Despite most of the theories that Tether listed instead being a reality — plus everything else that’s happened, it’s clear that at the expense of repeating fiction after fiction, Tether remains resilient to major market stresses. We know, of course, its stablecoin is not fully funded and has experienced a multi-billion dollar run in the past few months:
But as crypto exchange owner Konstantin Plavnik once remarked, “nobody actually cares if Tether is backed or not.” They just don’t care about the danger, until they have to.
That leaves the only other doom hypothesis: if market malfeasance can’t take Tether down, “sounder” rivals like Circle and its USDC stablecoin can outcompete Tether into redundancy. Coincidentally, Tether mentioned in its latest blog post how its market cap has narrowed in relation to its competitors:
“The difference between [Tether’s] 24hr trading volume and its competitors tells a clearer and more important story … 24hr trading volume remains roughly 10x that of its closest competitor. This points to the utility of Tether in daily trading and is the true measure of adoption.”

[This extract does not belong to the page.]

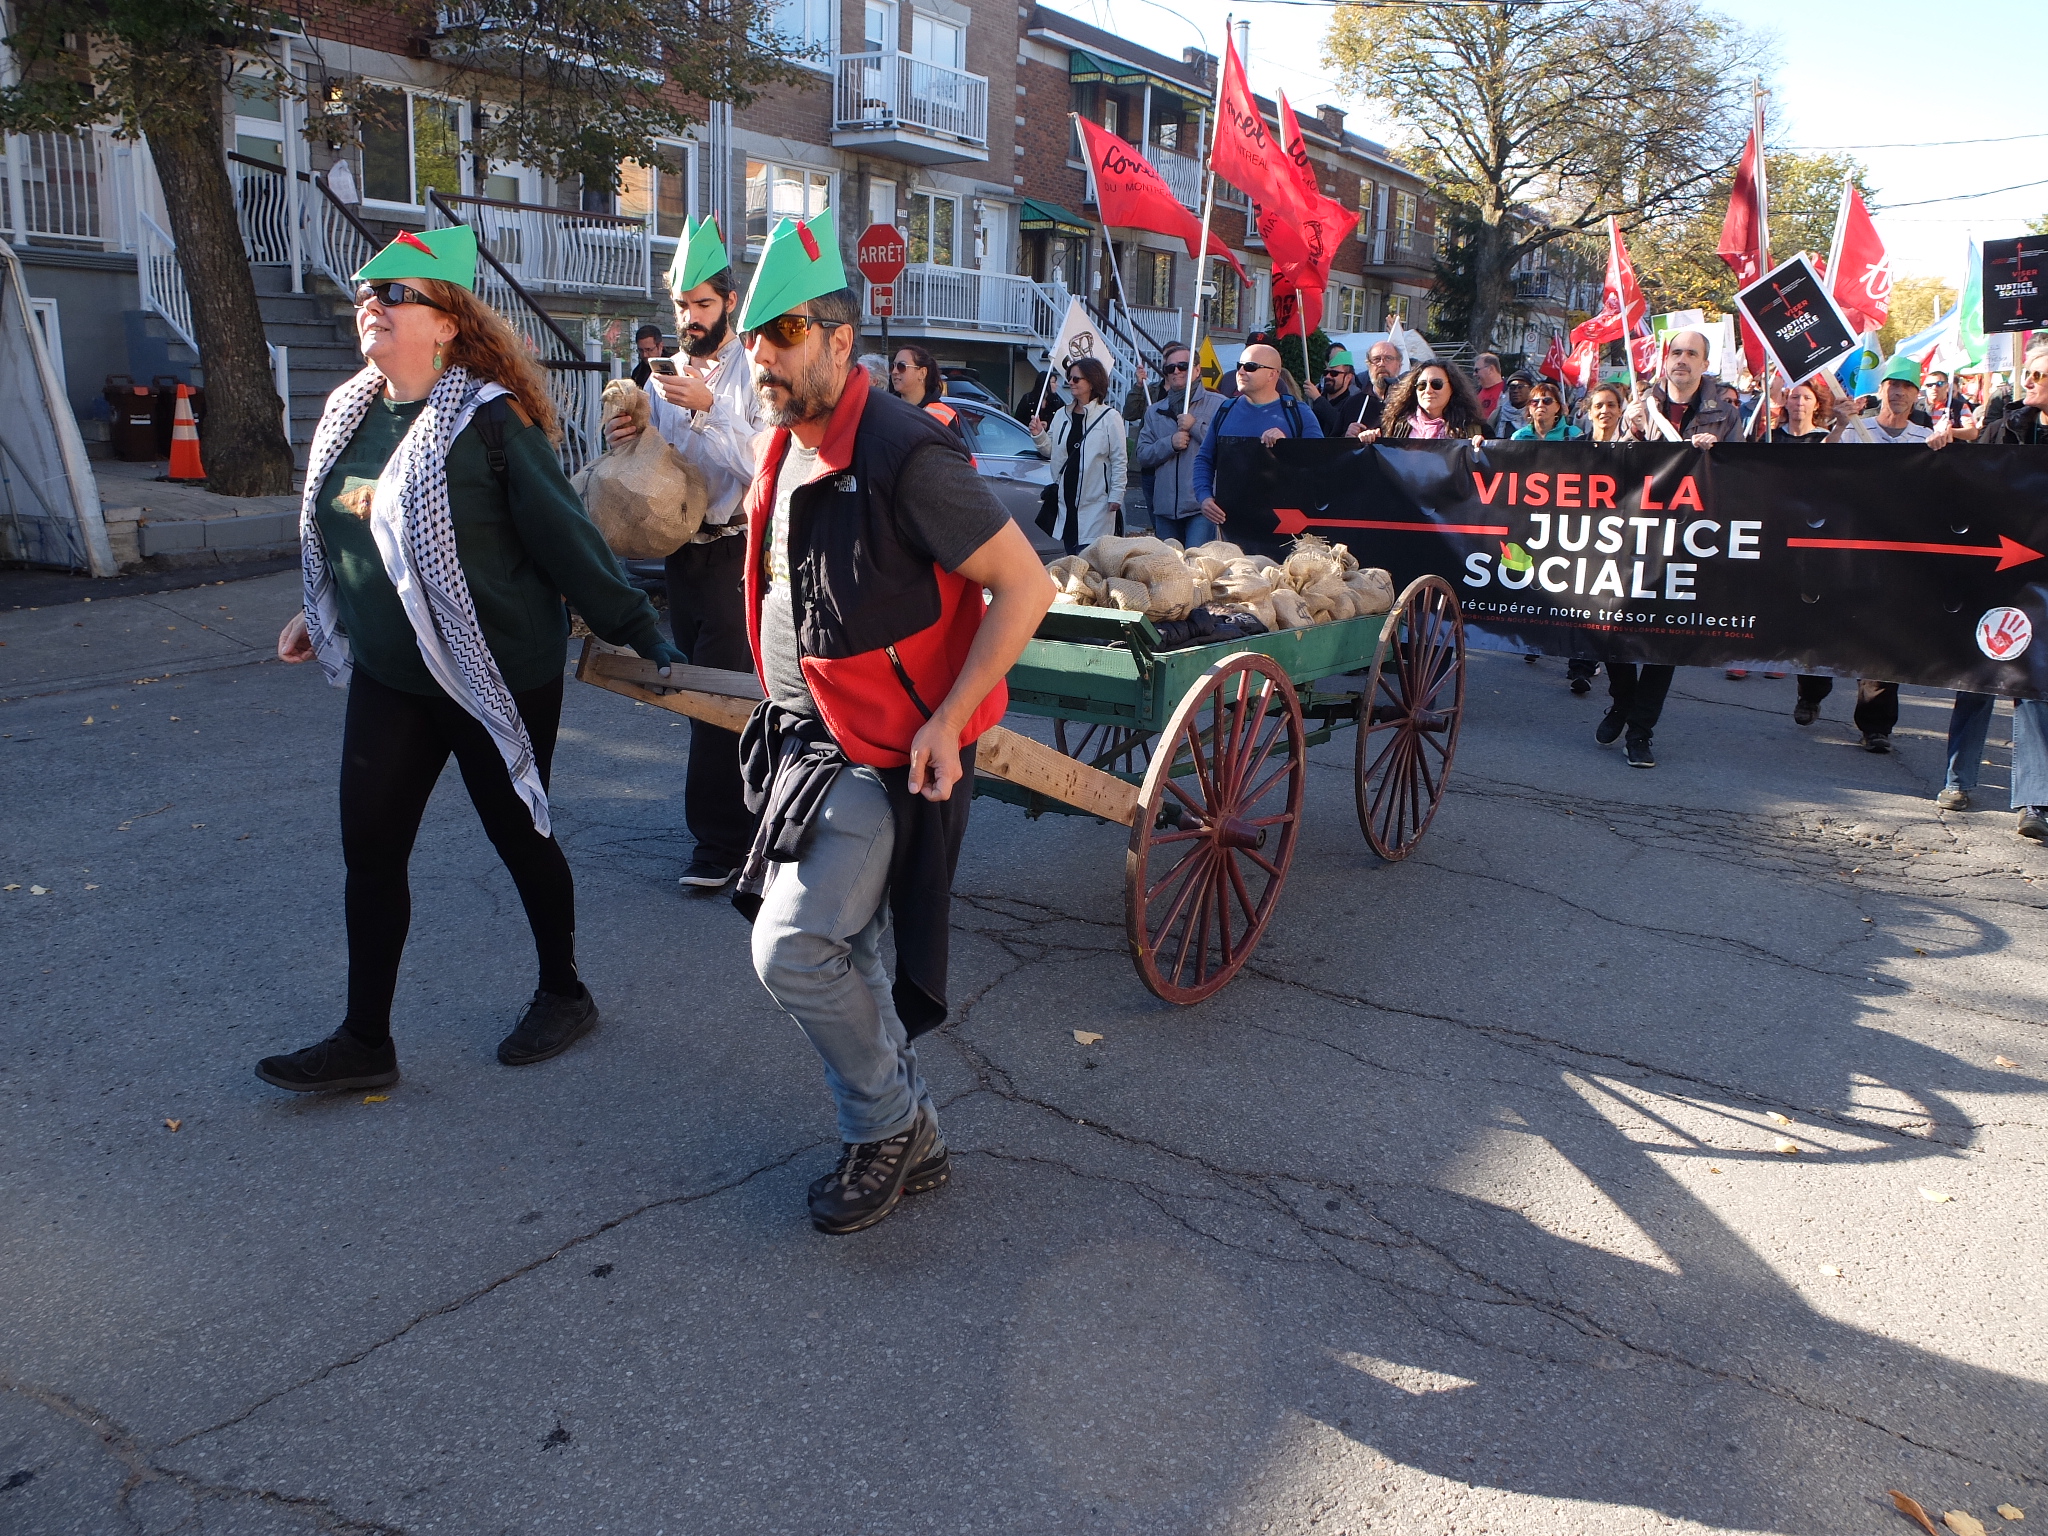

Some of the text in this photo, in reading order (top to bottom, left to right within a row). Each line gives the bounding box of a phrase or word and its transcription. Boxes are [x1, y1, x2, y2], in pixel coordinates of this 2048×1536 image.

Translation: “Tether reminds you that it’s the best, damn wash trader in the business, and that relative market caps remain insignificant. If you want to wipe us out, wipe out our liquidity.”
That concludes that theory.
Subsequently, as Concoda has first speculated, if Tether ever meets its demise it will be through market forces, say, a further crash in crypto markets in the next quarter or so. As of now, we have a long way to go before the monetary excesses of the pandemic era wear off. And if Tether is to ever face its true “Lehman moment”, central banks must continue quantitative tightening and leave further rate hikes on the table. This will eventually inhibit the flow of fiat sufficiently enough for crypto prices to undergo a lethal plunge.
But for now, with Tether firing up its printer to the max once again, the fiat-crypto bridge has been re-established.
Financial power structures have yet to restrict enough access to an already scarce amount of dollars for the gateway between fiat and crypto to become “untethered.” Only then will Tether face its final reckoning.